▶ _Task_: Repeat all of the records exactly, leaving out the pictures.

== == ==

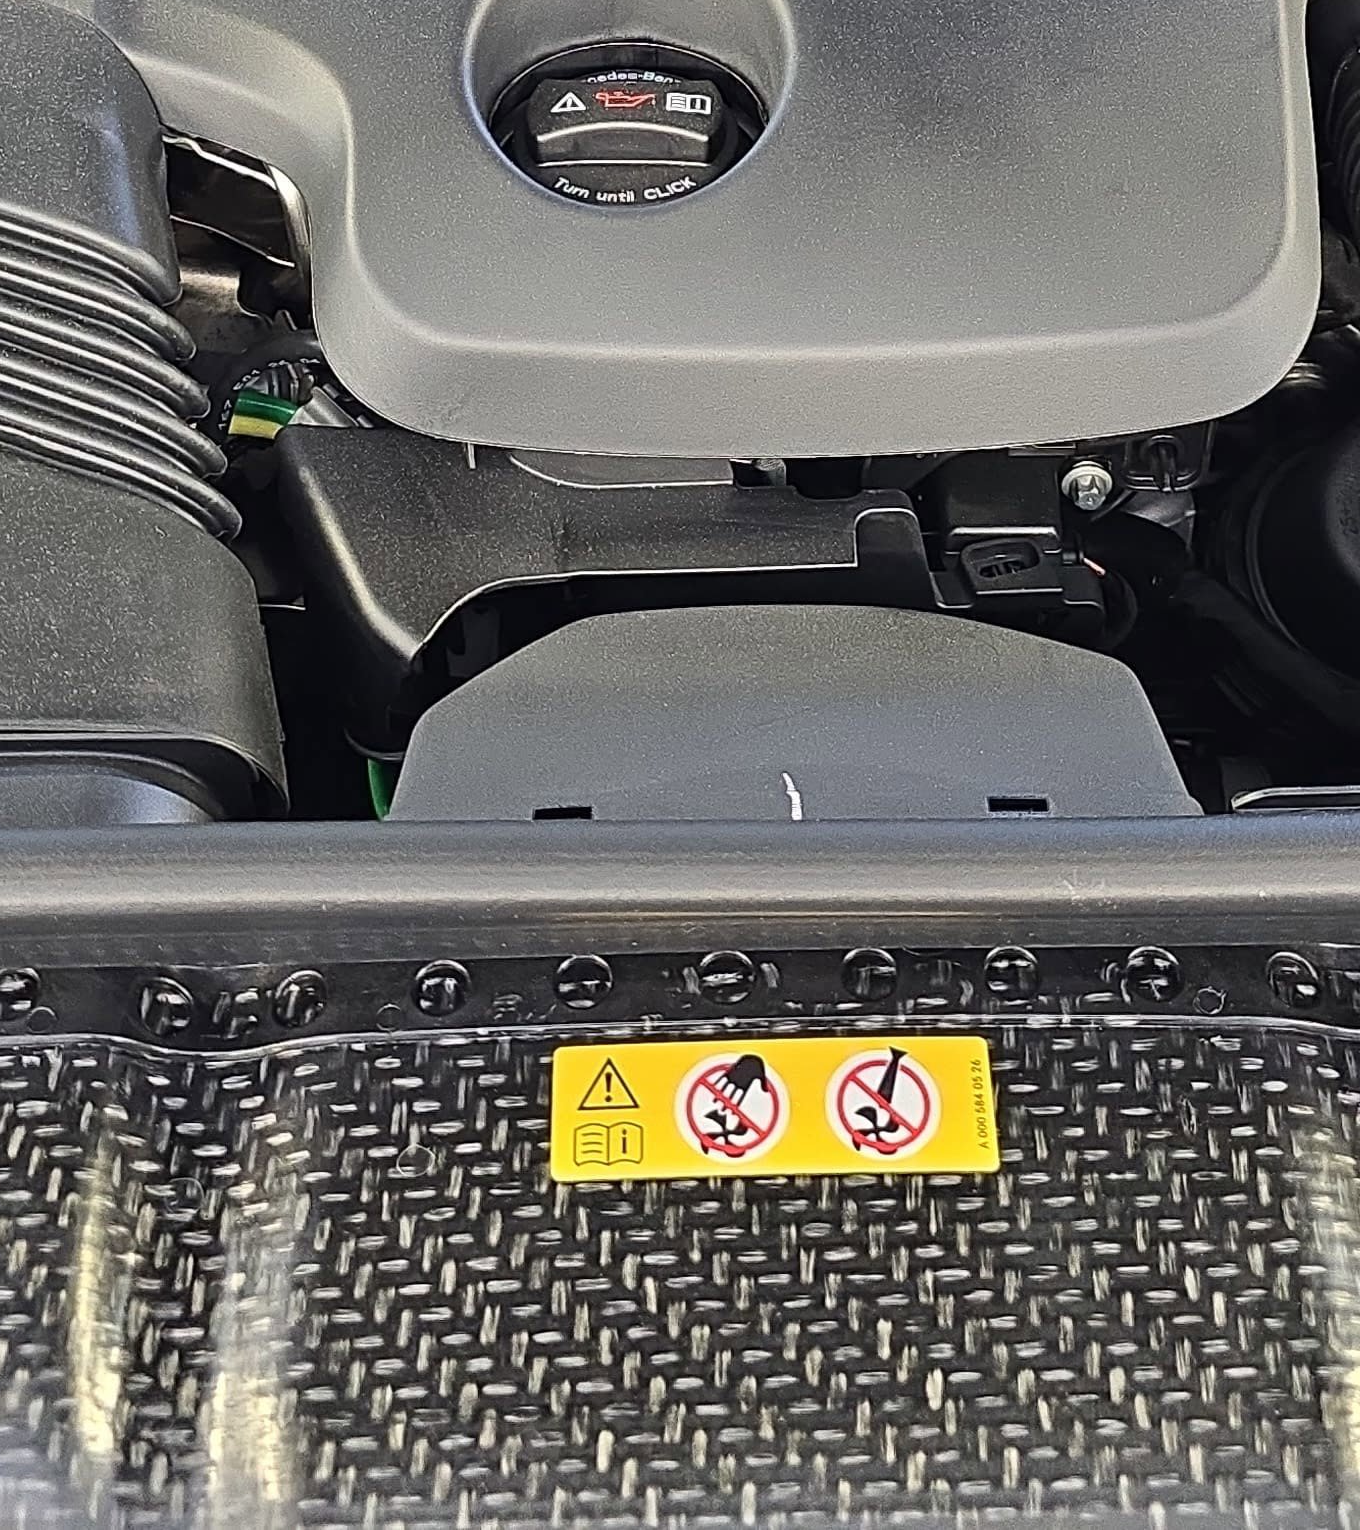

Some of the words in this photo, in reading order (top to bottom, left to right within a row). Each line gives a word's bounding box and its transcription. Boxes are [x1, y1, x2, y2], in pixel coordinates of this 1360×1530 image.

[581, 71, 683, 84] cedes-Ben
[553, 176, 590, 200] Turn
[596, 188, 636, 203] until
[643, 176, 697, 202] CLICK
[969, 1058, 983, 1073] 26
[971, 1075, 984, 1090] 05
[976, 1116, 989, 1139] 000
[977, 1141, 990, 1150] A
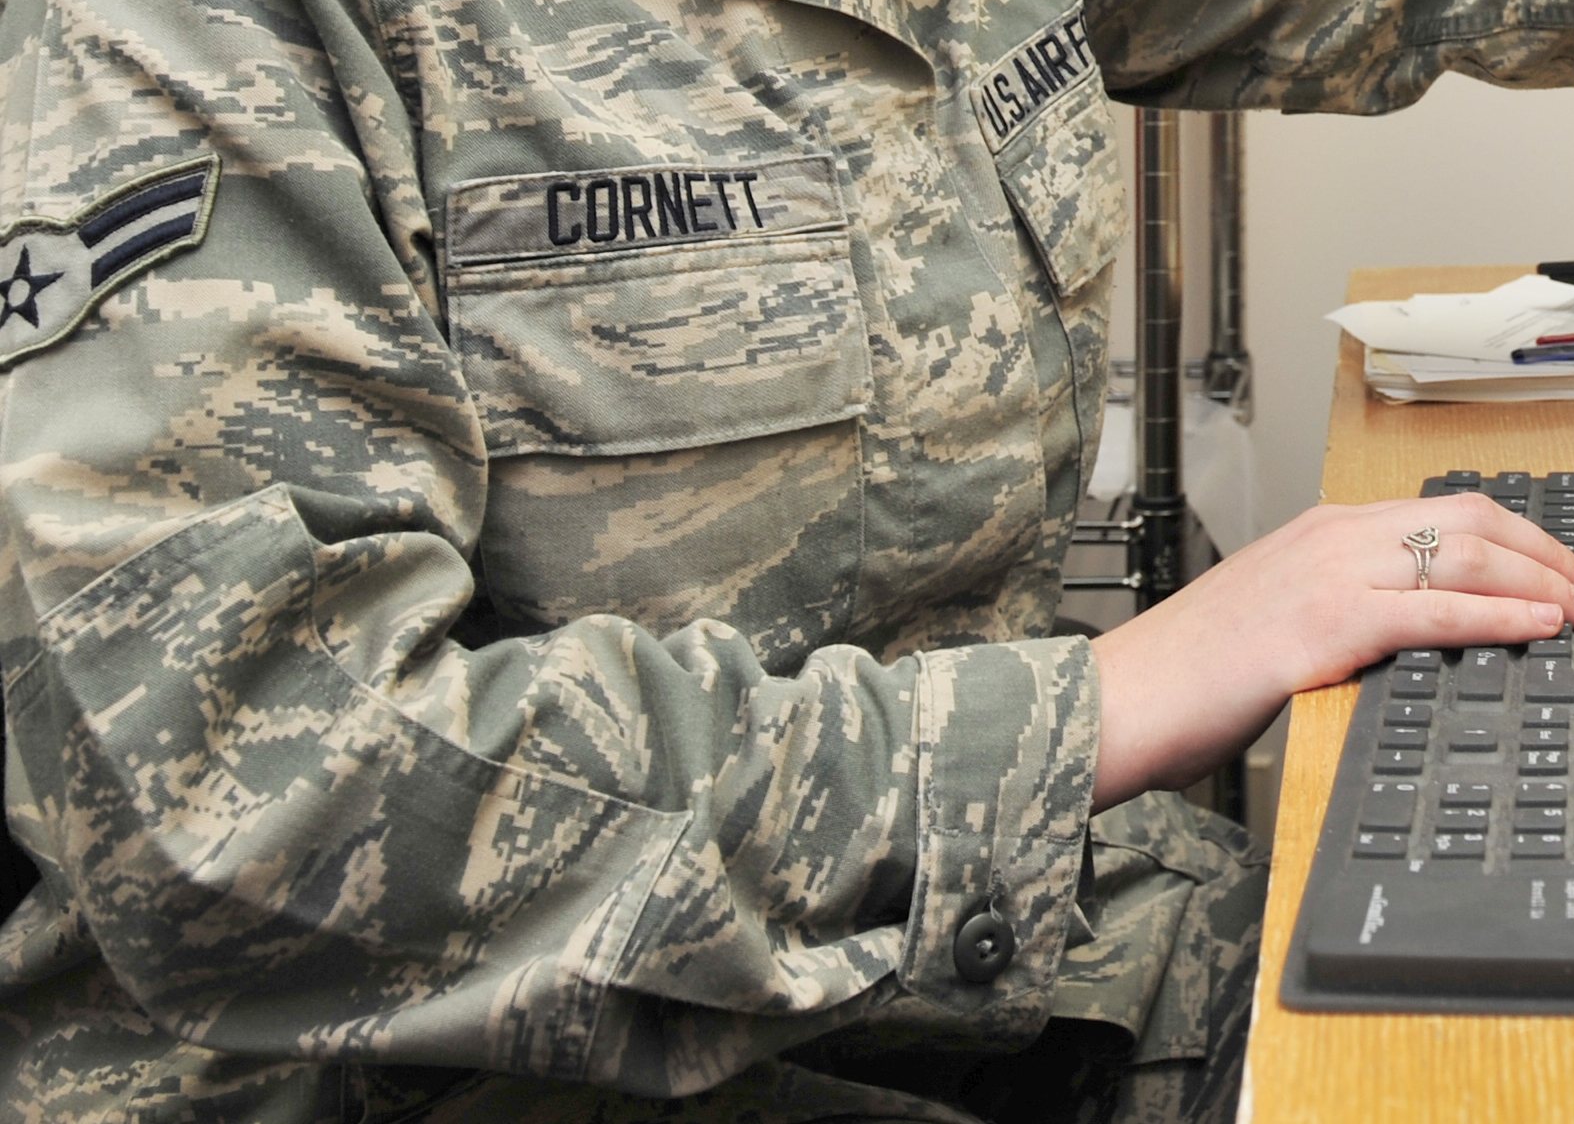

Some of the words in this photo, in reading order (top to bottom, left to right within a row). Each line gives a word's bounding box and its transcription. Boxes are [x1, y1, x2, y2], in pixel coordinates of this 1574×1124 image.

[1012, 34, 1079, 106] AIR
[1063, 9, 1089, 68] F
[547, 172, 764, 246] CORNETT
[1542, 834, 1561, 842] 6
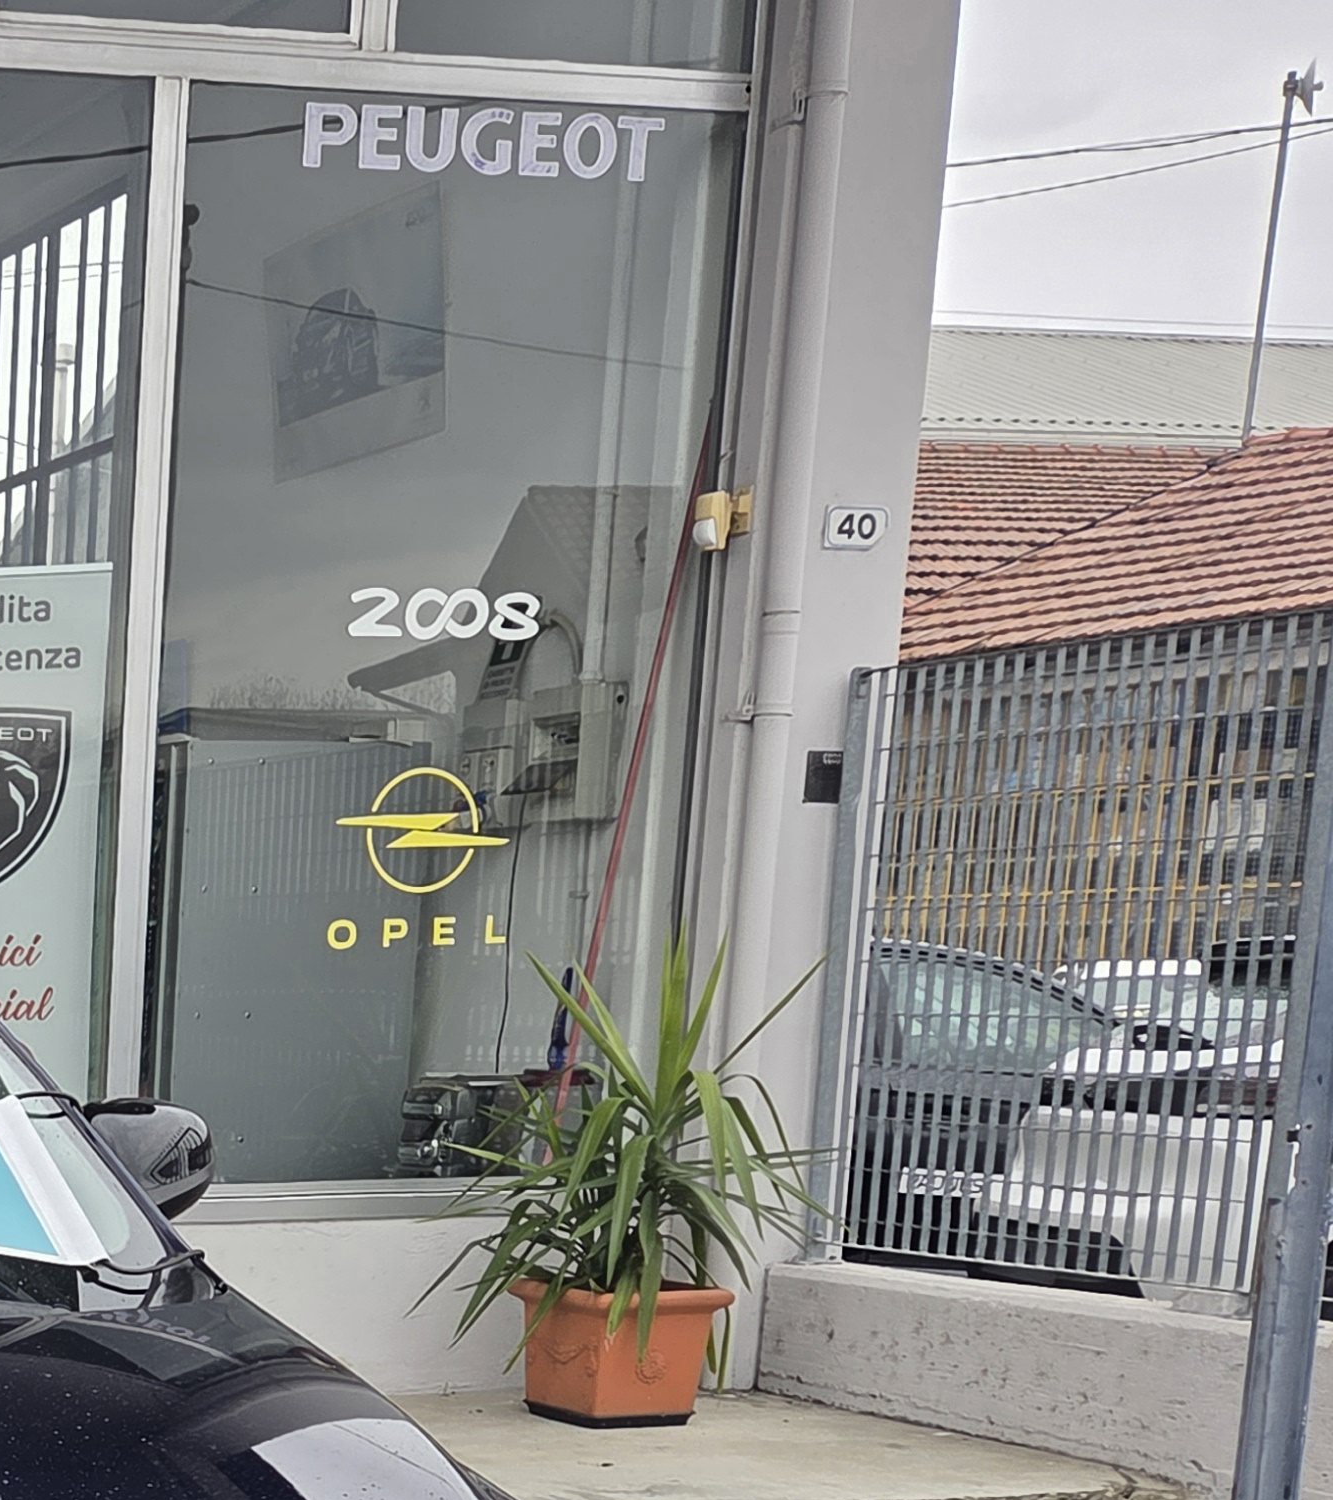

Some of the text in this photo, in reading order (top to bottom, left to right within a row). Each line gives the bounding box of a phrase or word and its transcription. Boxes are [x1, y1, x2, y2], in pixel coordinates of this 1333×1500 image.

== == ==

▶ _Problem solution_:
Some of the words in this photo, in reading order (top to bottom, left to right within a row). Each line gives a word's bounding box and its transcription. Boxes are [x1, y1, x2, y2], in pixel coordinates of this 1360×1530 image.

[581, 71, 683, 84] cedes-Ben
[553, 176, 590, 200] Turn
[596, 188, 636, 203] until
[643, 176, 697, 202] CLICK
[969, 1058, 983, 1073] 26
[971, 1075, 984, 1090] 05
[976, 1116, 989, 1139] 000
[977, 1141, 990, 1150] A

Some of the words in this photo, in reading order (top to bottom, left to right within a row). Each line gives a word's bounding box and its transcription. Boxes are [x1, y1, x2, y2], in pixel coordinates of this 1574×1124 image.

[1012, 34, 1079, 106] AIR
[1063, 9, 1089, 68] F
[547, 172, 764, 246] CORNETT
[1542, 834, 1561, 842] 6

Some of the text in this photo, in reading order (top to bottom, left to right within a row). Each line gives the bounding box of a phrase or word and its transcription. Boxes are [x1, y1, x2, y2], in pixel coordinates of this 1333×1500 image.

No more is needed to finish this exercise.